§ TO DO:
Return the entries that follow exactly, with no images.

§ TASK INPUTS:
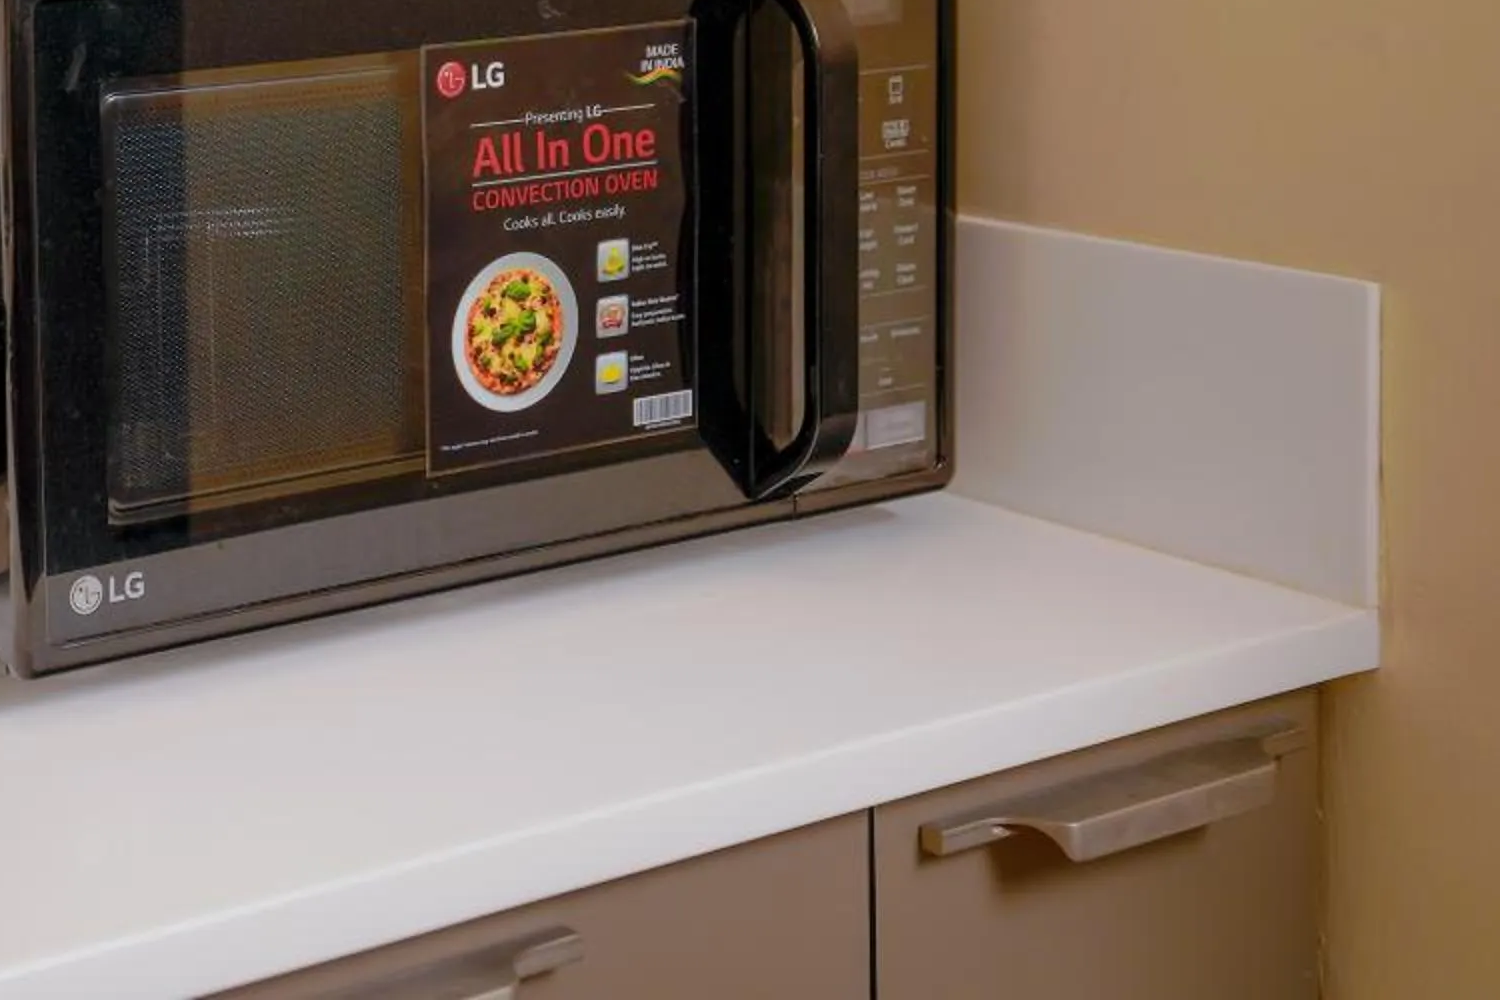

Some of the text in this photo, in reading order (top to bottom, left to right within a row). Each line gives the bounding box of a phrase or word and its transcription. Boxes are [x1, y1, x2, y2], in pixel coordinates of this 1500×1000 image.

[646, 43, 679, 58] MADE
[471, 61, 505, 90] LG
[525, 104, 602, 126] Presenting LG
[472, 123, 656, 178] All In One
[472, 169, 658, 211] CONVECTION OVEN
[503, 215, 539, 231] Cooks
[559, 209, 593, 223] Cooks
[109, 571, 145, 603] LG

§ ANSWER FOR THE TASK:
Some of the text in this photo, in reading order (top to bottom, left to right within a row). Each line gives the bounding box of a phrase or word and its transcription. Boxes are [x1, y1, x2, y2], in pixel coordinates of this 1500×1000 image.

[646, 43, 679, 58] MADE
[471, 61, 505, 90] LG
[525, 104, 602, 126] Presenting LG
[472, 123, 656, 178] All In One
[472, 169, 658, 211] CONVECTION OVEN
[503, 215, 539, 231] Cooks
[559, 209, 593, 223] Cooks
[109, 571, 145, 603] LG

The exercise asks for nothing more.